All RPCs and state save files contain Slurm version information. This version information permits the server to recognize its format and respond using a message format understood by the client. When fields are added to or removed from existing RPCs, it is essential that only the format of RPCs for the newest release of Slurm (which is still under development) altered to avoid breaking pre-existing communication protocols. It may be necessary to add a new protocol version number to the code and support for releases beyond two previous releases may be removed. In the new code, copy the pack and unpack logic from the previous version of the code and add new fields as needed. Be sure to pack and unpack data in the identical order. It is also important to keep in mind that when adding support for new fields in an RPC protocol, that logic may need to be added to the older protocols setting the new field values to a reasonable default value (e.g. NULL, 0). Slurm supports RPCs up to two newer major versions, so a 16.05 version will be able to communicate with a 16.05, 17.02 and 17.11 versions, but not with a 18.x. For example, if a job is submitted using an old version of sbatch to a newer slurmctld daemon, job specifications that are unknown to the old sbatch should be set by the slurmctld daemon to reasonable values. An example of the changes required are shown below. In this trivial example, we want to add a new "max_nodes" field to the message for Slurm version 15.08.x.

/*
 * Original code in Slurm v2.5.x
 */
if (protocol_version >= SLURM_14_11_PROTOCOL_VERSION) {
	pack32(msg->job_id, buffer);
	pack32(msg->user_id, buffer);
	pack32(msg->min_nodes, buffer);
} else if (protocol_version >= SLURM_14_03_PROTOCOL_VERSION) {
	pack32(msg->job_id, buffer);
	pack32(msg->user_id, buffer);
} else if (protocol_version >= SLURM_13_08_PROTOCOL_VERSION) {
	pack32(msg->job_id, buffer);
} else {
	error("pack_whatever_msg: protocol_version "
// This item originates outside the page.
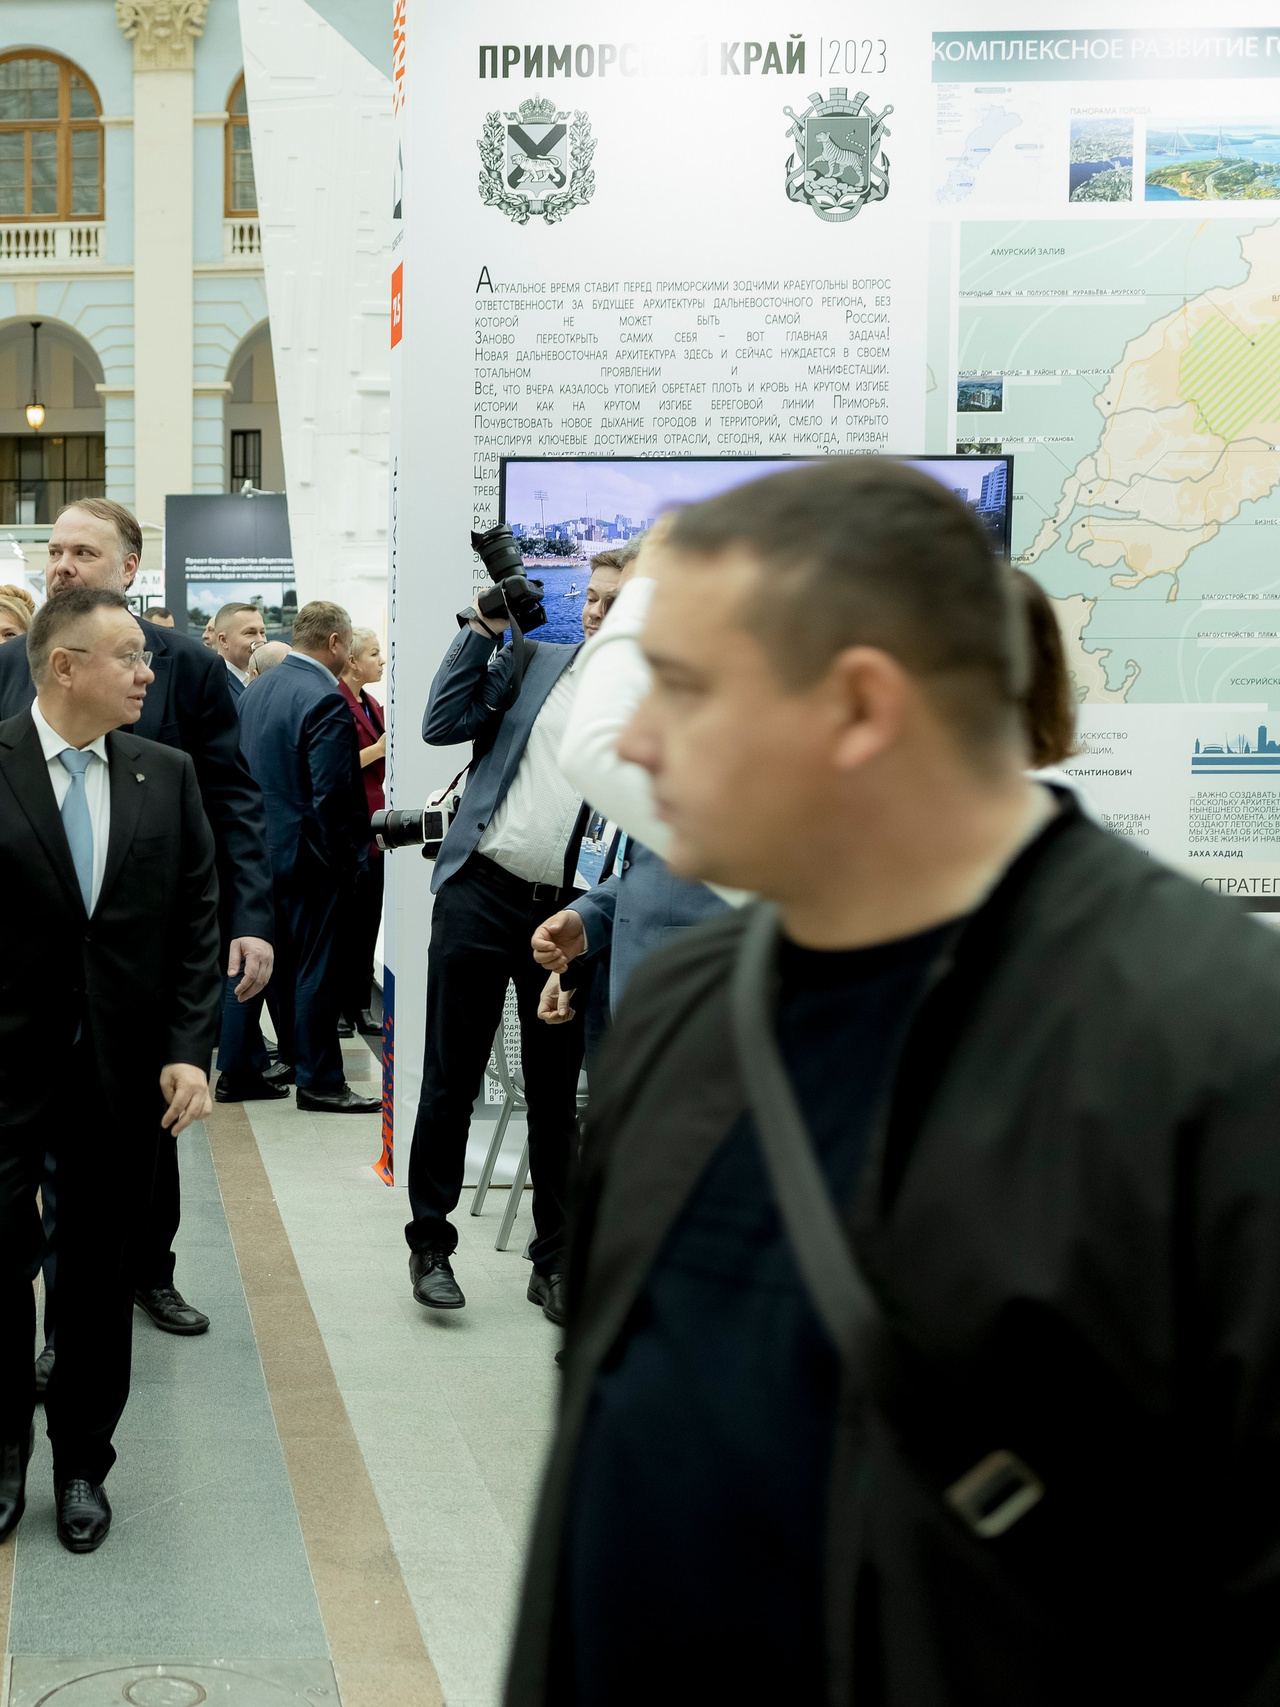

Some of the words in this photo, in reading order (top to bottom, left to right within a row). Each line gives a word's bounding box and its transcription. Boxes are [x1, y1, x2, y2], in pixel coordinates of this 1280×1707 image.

	      "%hu not supported", protocol_version);
}
/*
 * New code in Slurm v15.08.x
 */
if (protocol_version >= SLURM_15_08_PROTOCOL_VERSION) {
	pack32(msg->job_id, buffer);
	pack32(msg->user_id, buffer);
	pack32(msg->min_nodes, buffer);
	pack32(msg->max_nodes, buffer);
} else if (protocol_version >= SLURM_14_11_PROTOCOL_VERSION) {
	pack32(msg->job_id, buffer);
	pack32(msg->user_id, buffer);
	pack32(msg->min_nodes, buffer);
} else if (protocol_version >= SLURM_14_03_PROTOCOL_VERSION) {
	pack32(msg->job_id, buffer);
	pack32(msg->user_id, buffer);
} else {
	error("pack_whatever_msg: protocol_version "
	      "%hu not supported", protocol_version);
}

Last modified 26 April 2019